Supreme Court of Kentucky

September 27, 2018

ACTIVE CARE CHIROPRACTIC, INC. APPELLANT
v.
KATHERINE RUDD; HONORABLE JEANIE OWEN MILLER, ADMINISTRATIVE LAW JUDGE; WORKERS' COMPENSATION BOARD AND KENTUCKY COURT OF APPEALS APPELLEES

          ON APPEAL FROM COURT OF APPEALS CASE NO. 2017-CA-00469-WC WORKERS' COMPENSATION BOARD NO. 14-WC-81319

          COUNSEL FOR APPELLANT: Richard Christion Hutson Whitlow, Roberts, Houston & Straub, PLLC

          COUNSEL FOR APPELLEE: KATHERINE RUDD Mark Lane Ashburn

          OPINION

          VANMETER, JUSTICE

         KRS[1] 342.730(1)(c)2 states: "During any period of cessation of . . . employment, temporary or permanent, for any reason, with or without cause, payment of weekly benefits for permanent partial disability during the period of cessation shall be two (2) times the amount otherwise payable[.]"[2] The sole issue for this Court on appeal, an issue of first impression, is whether the two- multiplier under KRS 342.730(1)(c)2 applies to a claimant's benefits when that claimant returns to work and later retires for reasons not solely related to the work-related injury itself. We hold that in such circumstances the two-multiplier must be applied to comply with the unambiguous language of KRS 342.730(1)(c)2. Accordingly, we affirm.

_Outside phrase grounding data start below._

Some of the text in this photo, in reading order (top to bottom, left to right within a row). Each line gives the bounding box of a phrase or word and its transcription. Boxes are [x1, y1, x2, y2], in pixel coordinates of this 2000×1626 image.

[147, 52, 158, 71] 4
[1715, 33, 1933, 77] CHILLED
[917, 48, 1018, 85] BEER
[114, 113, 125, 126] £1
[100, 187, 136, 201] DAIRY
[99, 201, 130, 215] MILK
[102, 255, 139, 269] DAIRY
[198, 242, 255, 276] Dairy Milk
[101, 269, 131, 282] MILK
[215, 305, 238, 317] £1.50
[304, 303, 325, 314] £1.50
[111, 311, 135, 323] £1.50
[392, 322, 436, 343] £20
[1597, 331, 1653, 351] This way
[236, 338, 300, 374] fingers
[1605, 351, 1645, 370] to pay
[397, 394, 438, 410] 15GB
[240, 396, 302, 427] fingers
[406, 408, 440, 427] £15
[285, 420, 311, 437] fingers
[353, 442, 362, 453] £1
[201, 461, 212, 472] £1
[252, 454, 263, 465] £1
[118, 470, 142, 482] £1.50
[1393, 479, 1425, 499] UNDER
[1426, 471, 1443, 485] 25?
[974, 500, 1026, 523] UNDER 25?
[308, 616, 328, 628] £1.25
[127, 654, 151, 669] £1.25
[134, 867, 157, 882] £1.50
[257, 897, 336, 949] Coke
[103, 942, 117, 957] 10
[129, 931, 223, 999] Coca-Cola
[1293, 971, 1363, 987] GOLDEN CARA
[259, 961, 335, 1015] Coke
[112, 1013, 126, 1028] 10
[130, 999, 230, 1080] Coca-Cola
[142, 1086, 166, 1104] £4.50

         I. FACTUAL BACKGROUND.

         The facts in this case are not in dispute. Active Care Chiropractic employed Katherine Rudd part-time. One day, while taking out the trash at work, she slipped and fell, injuring her shoulder. After three shoulder surgeries, she returned to work. About a year after her return to work, she voluntarily retired, for reasons not solely related to the work-related injury. At her Formal Hearing Rudd stated:

It was not due to the accident, not directly. I was turning sixty, and I'd never had any medical problems before. This kind of made me re-evaluate things. I decided I wanted to spend what quality years I have left doing things that provide the greatest satisfaction, and decided that being a secretary just wasn't doing it for me anymore. So I retired.

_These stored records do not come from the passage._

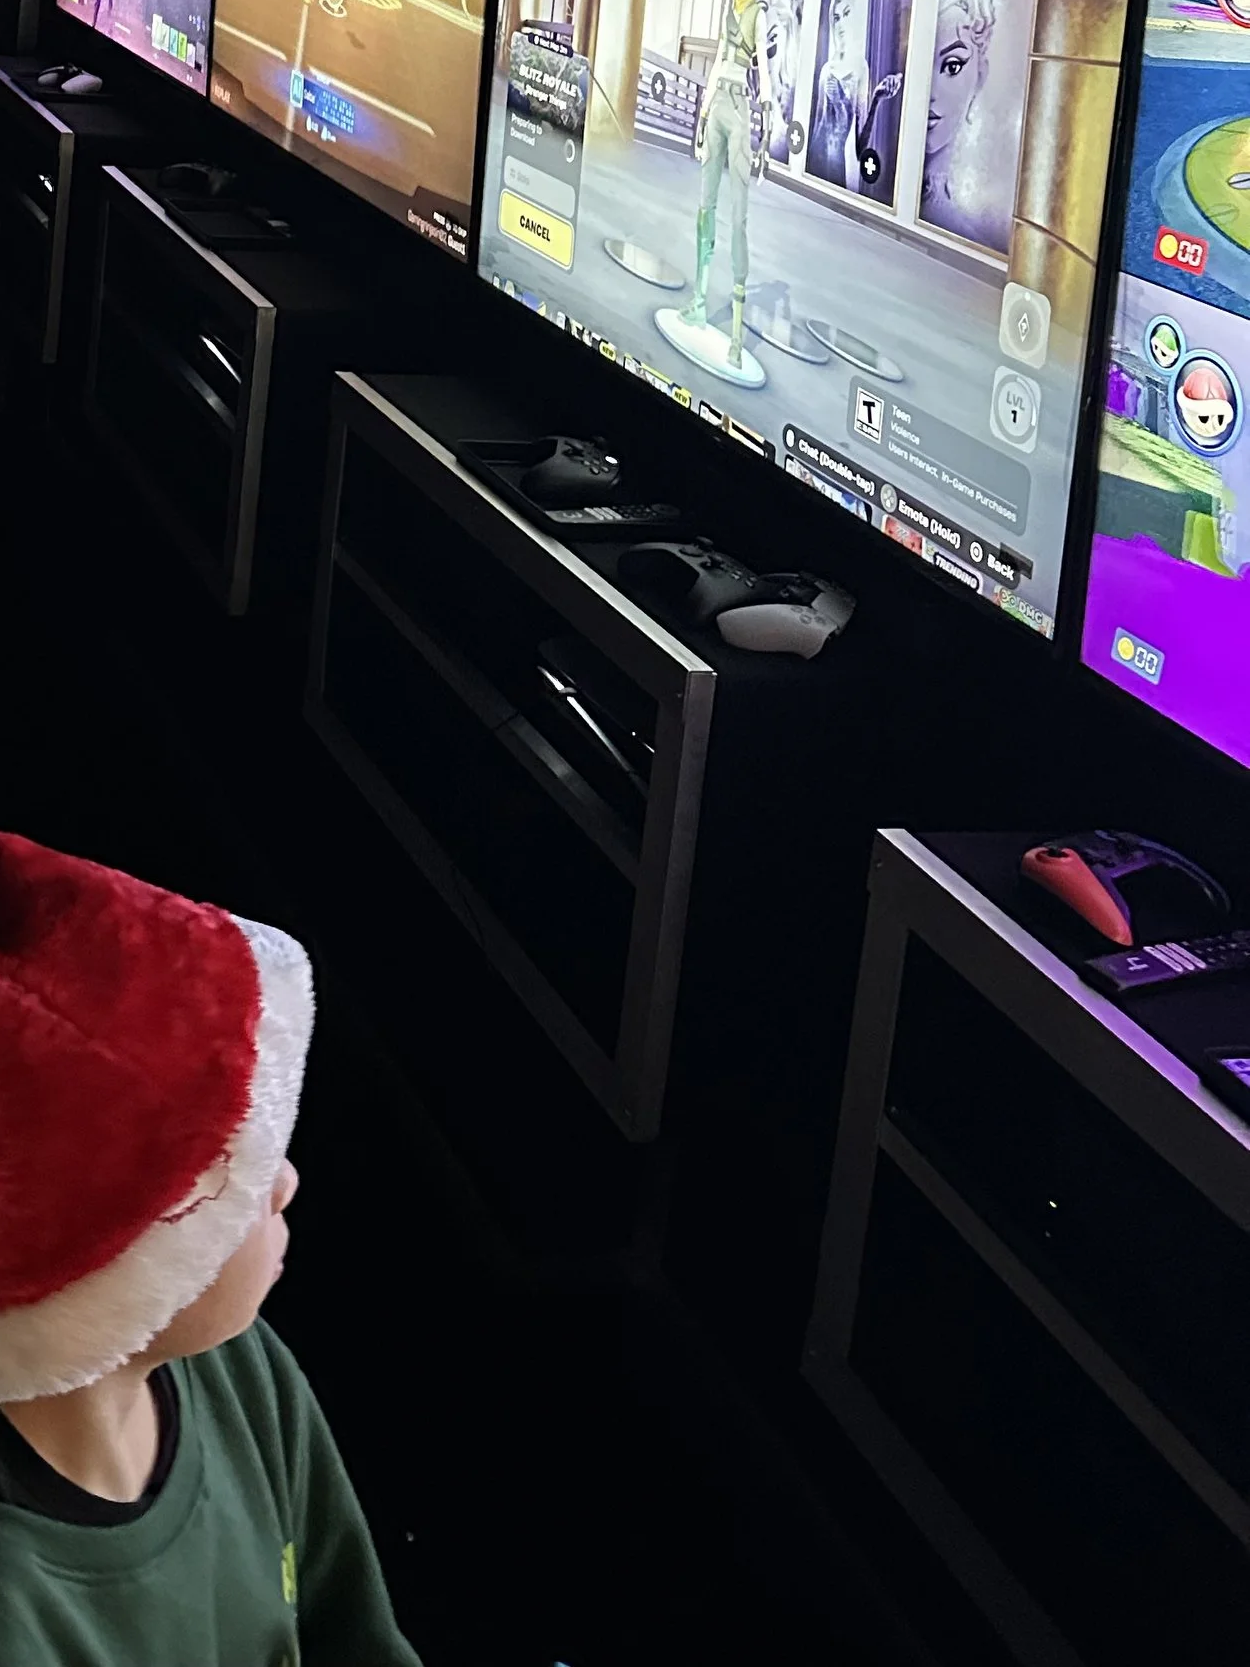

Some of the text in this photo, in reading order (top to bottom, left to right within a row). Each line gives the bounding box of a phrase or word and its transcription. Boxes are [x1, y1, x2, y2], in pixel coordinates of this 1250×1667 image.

[519, 64, 578, 98] BLITZ ROYALE
[511, 112, 543, 135] Preparing to
[510, 127, 536, 147] Download
[519, 215, 551, 242] CANCEL
[1177, 240, 1203, 267] 00
[602, 345, 614, 359] NEW
[674, 387, 688, 405] NEW
[1006, 390, 1025, 411] LVL
[863, 400, 876, 424] T
[892, 404, 911, 424] Teen
[1011, 409, 1017, 423] 1
[890, 420, 920, 445] Violence
[888, 441, 909, 461] Users
[941, 471, 975, 497] In-Game
[975, 491, 1017, 523] Purchases
[798, 439, 1015, 581] Chat (Double-tap) Emote (Hold) Back
[935, 554, 978, 590] TRENDING
[1018, 600, 1043, 624] DMG
[1134, 646, 1158, 675] 00

         At Rudd's Benefit Review Conference, the parties agreed that the only issue before the ALJ was the correct multiplier to be applied to Rudd's benefits. The ALJ acknowledged that the parties originally agreed that no multiplier would apply. But Rudd argued that changes in the caselaw placed the modifier application at issue.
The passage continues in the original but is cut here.